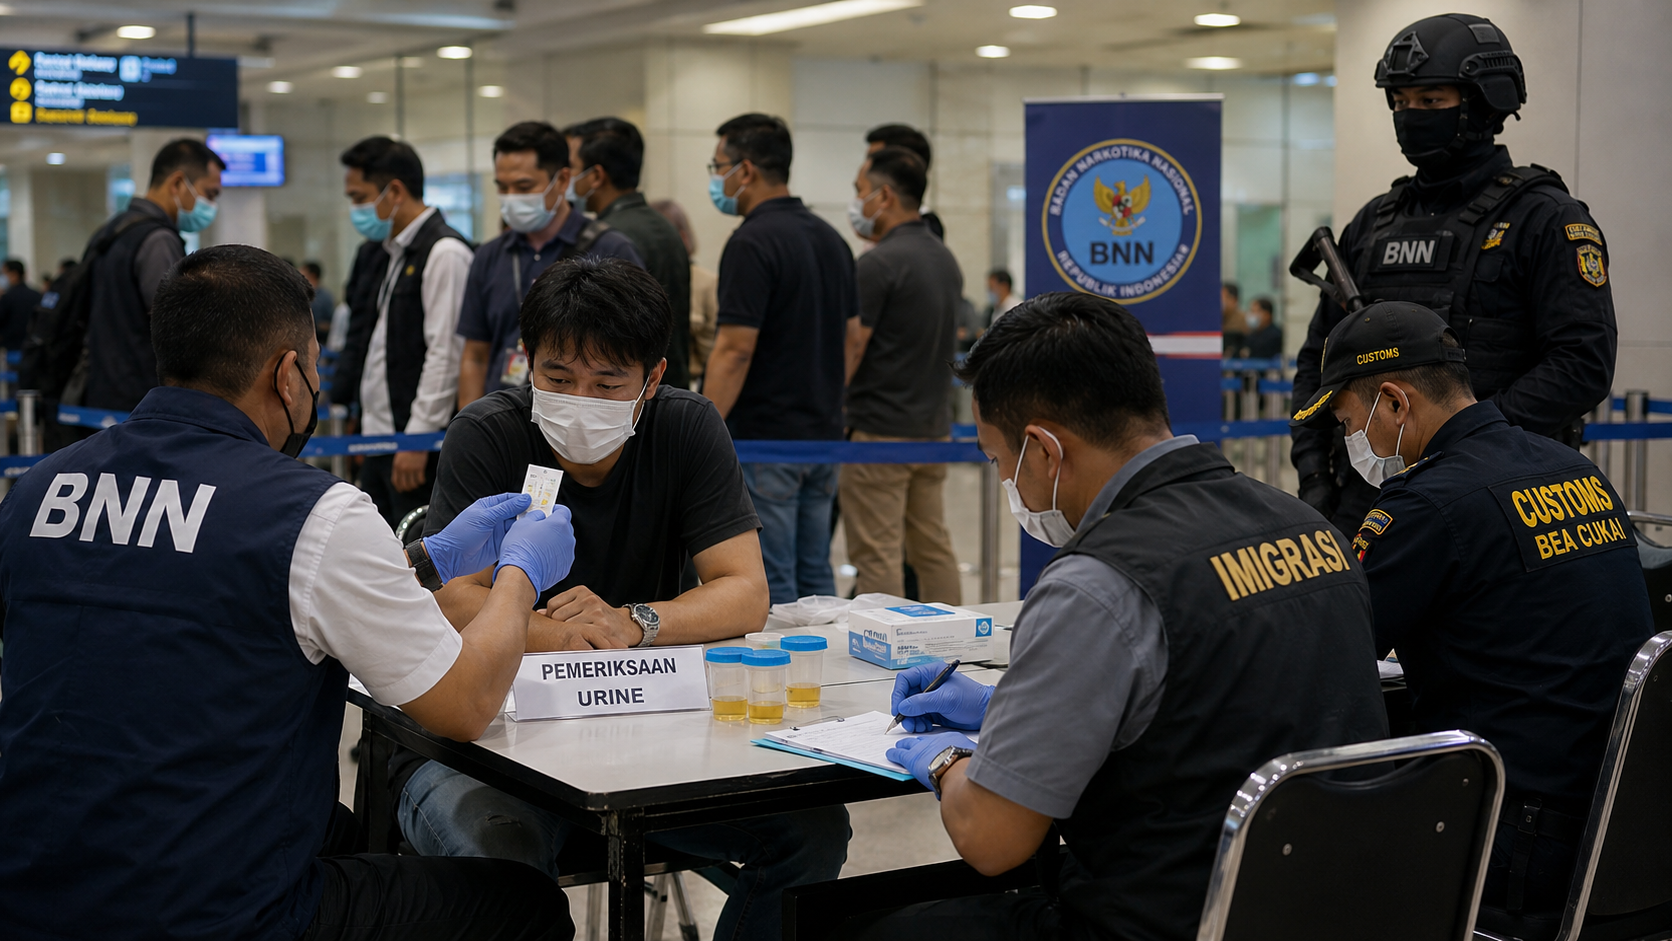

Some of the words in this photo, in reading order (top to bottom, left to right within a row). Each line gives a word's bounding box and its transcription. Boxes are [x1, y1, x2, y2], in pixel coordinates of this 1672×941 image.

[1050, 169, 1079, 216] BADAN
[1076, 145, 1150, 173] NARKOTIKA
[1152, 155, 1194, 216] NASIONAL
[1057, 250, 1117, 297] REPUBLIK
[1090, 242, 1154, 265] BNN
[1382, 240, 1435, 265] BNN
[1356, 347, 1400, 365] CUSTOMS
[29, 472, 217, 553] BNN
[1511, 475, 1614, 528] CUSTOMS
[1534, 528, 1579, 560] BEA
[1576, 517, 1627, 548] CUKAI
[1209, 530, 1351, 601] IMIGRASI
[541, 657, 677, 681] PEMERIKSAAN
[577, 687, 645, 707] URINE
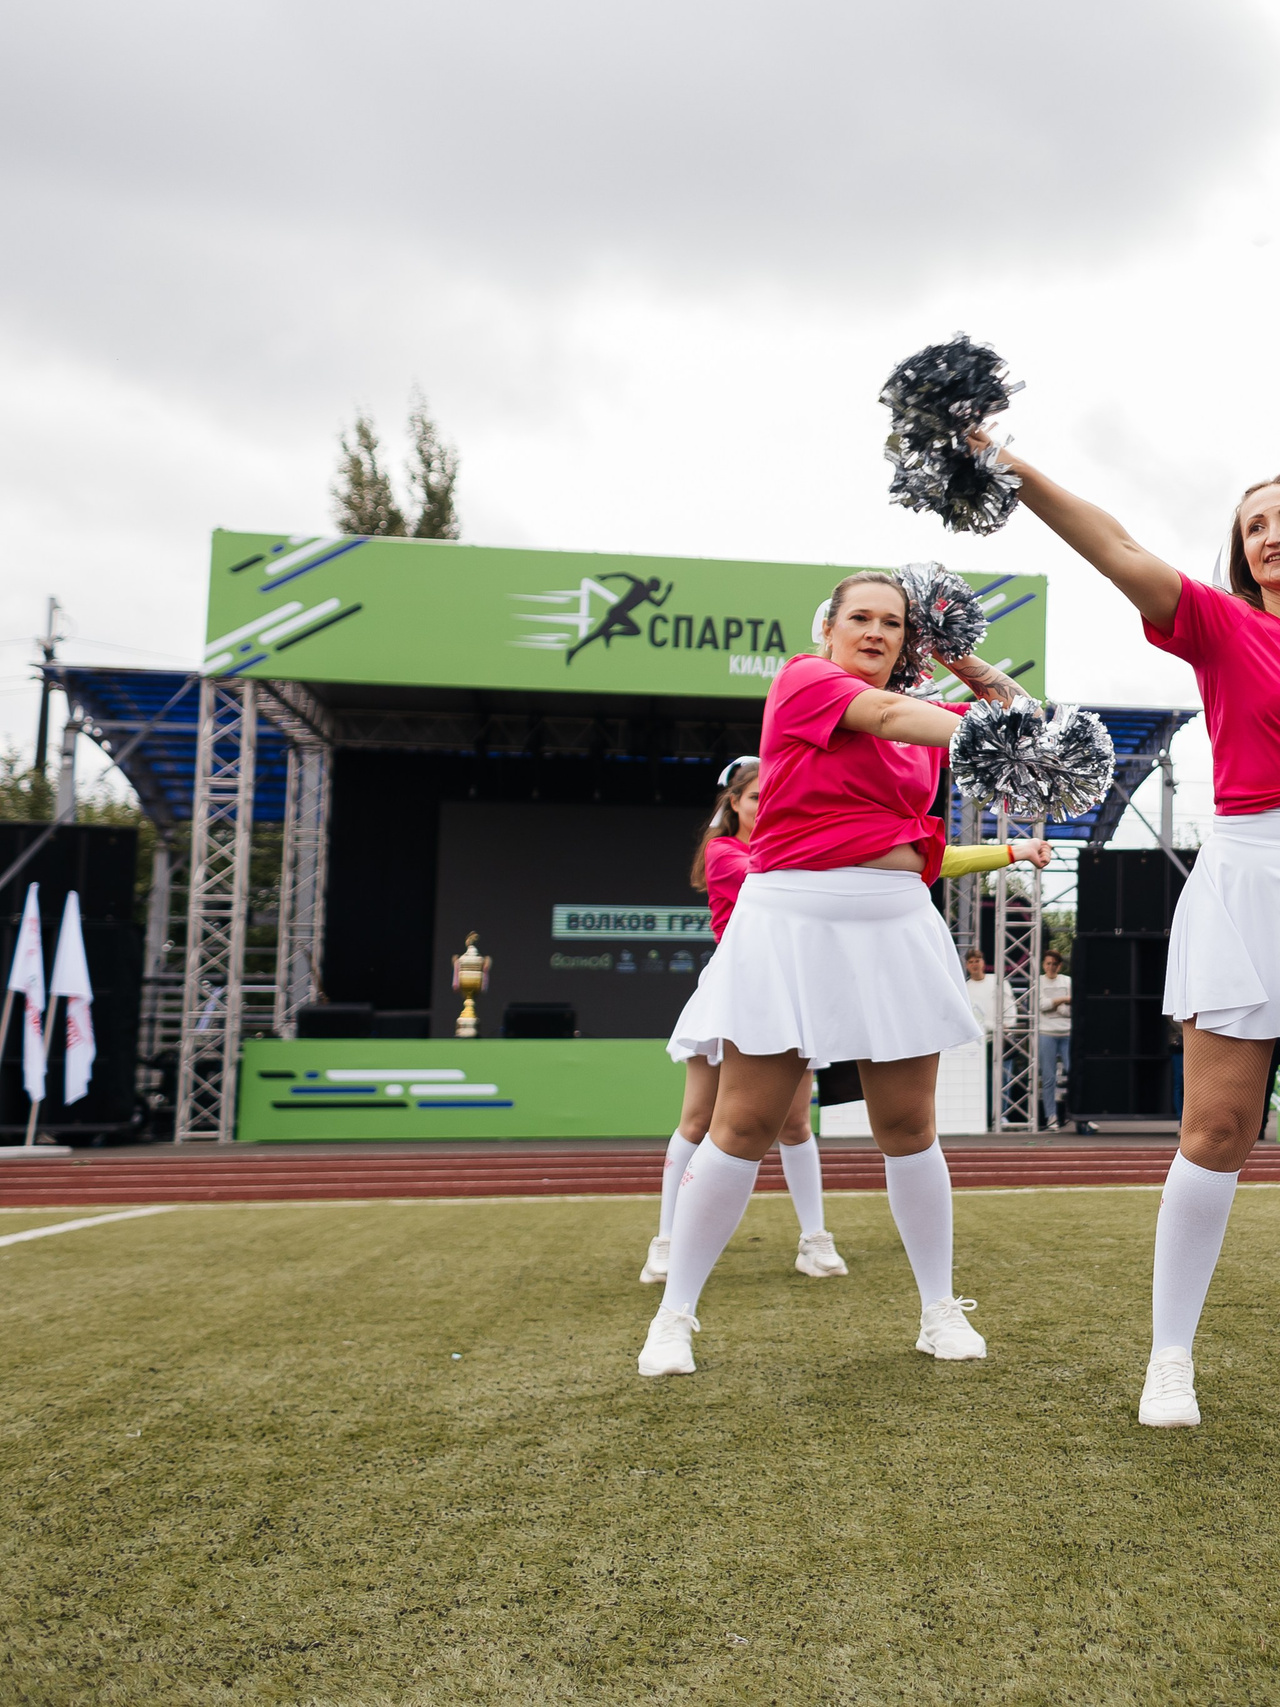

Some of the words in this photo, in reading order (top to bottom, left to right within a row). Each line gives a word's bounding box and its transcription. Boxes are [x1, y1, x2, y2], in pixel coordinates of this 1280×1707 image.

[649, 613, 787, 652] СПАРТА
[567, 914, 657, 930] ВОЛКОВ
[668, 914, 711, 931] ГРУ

------------------------------

• Task description
If pictures are present, they are dropped, and the entries above are written out word for word.

• Answer for this exercise
Some of the words in this photo, in reading order (top to bottom, left to right within a row). Each line gives a word's bounding box and its transcription. Boxes are [x1, y1, x2, y2], in pixel coordinates of this 1672×941 image.

[1050, 169, 1079, 216] BADAN
[1076, 145, 1150, 173] NARKOTIKA
[1152, 155, 1194, 216] NASIONAL
[1057, 250, 1117, 297] REPUBLIK
[1090, 242, 1154, 265] BNN
[1382, 240, 1435, 265] BNN
[1356, 347, 1400, 365] CUSTOMS
[29, 472, 217, 553] BNN
[1511, 475, 1614, 528] CUSTOMS
[1534, 528, 1579, 560] BEA
[1576, 517, 1627, 548] CUKAI
[1209, 530, 1351, 601] IMIGRASI
[541, 657, 677, 681] PEMERIKSAAN
[577, 687, 645, 707] URINE

Some of the words in this photo, in reading order (top to bottom, left to right within a row). Each line gives a word's bounding box and its transcription. Boxes are [x1, y1, x2, y2], in pixel coordinates of this 1280×1707 image.

[649, 613, 787, 652] СПАРТА
[567, 914, 657, 930] ВОЛКОВ
[668, 914, 711, 931] ГРУ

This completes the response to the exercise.